MAFIAS : Comment elles détruisent la planète
Braconnage d’animaux protégés, commerce illégal du bois ou des plantes, trafic de sable ou de déchets toxiques… La criminalité environnementale ignore les frontières et ne cesse de se développer. Malgré une forte mobilisation et d’importantes opérations de police, la communauté internationale peine à lutter contre des groupes toujours mieux organisés.
« Ecomafia « . Le mot sonne comme un nom de jeu vidéo, mais il doit être pris au sérieux et ajouté au vocabulaire juridique. Car c’est bien d’écologie qu’il est question ici, et d’organisations criminelles, italiennes ou pas. Comment qualifier autrement le trafic d’espèces protégées et ces filières dont les gains se chiffrent parfois en millions d’euros ? Que dire d’autre du business des bois rares arrachés aux forêts d’Afrique ou d’Asie, ou de celui des déchets dangereux, ces produits chimiques et autres poisons enfouis dans des décharges ou transportés vers des contrées peu regardantes ? Même le sable maritime, utilisé par milliers de tonnes sur les chantiers, fait désormais l’objet d’un pillage mondial.

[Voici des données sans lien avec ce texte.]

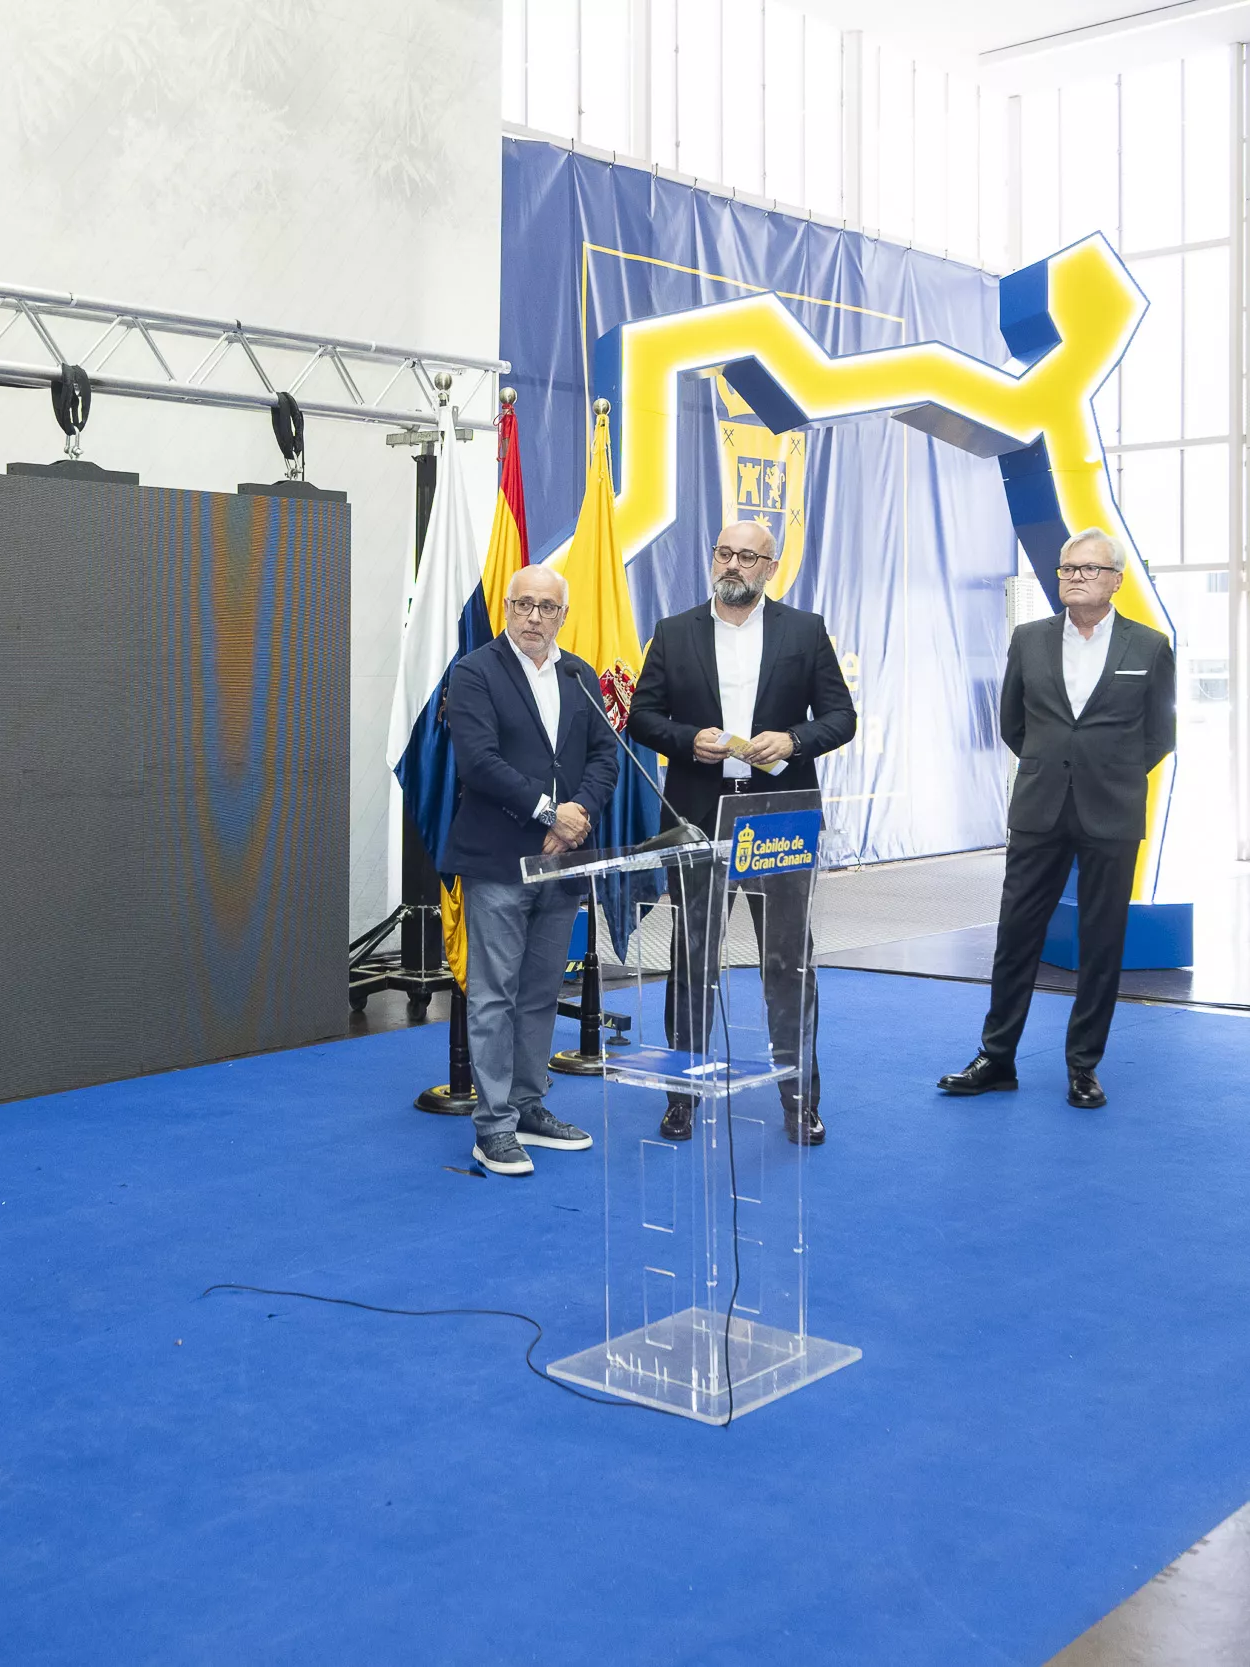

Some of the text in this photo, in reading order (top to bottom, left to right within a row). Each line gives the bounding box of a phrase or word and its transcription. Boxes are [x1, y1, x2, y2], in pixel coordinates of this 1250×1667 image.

Ces phénomènes ne sont pas nouveaux, mais ils n’ont jamais menacé à ce point la planète. Le juriste français Laurent Neyret, auteur d’un rapport sur le sujet remis en début d’année, y voit une explication très simple : » Les profits engendrés par les crimes environnementaux sont très élevés en comparaison de la faiblesse des poursuites et des sanctions applicables en la matière. » A lui seul, le commerce illicite d’espèces sauvages dégagerait un chiffre d’affaires annuel estimé à 17 milliards d’euros, ce qui en fait le quatrième trafic du monde après ceux de la drogue, des produits contrefaits et des êtres humains. Selon le Fonds mondial pour la nature (WWF), 440 000 tonnes de plantes médicinales et 100 millions de tonnes de poissons en font les frais chaque année. Un marché dopé par l’essor économique de certains pays d’Asie, la Chine en tête, où la demande des consommateurs ne cesse d’augmenter.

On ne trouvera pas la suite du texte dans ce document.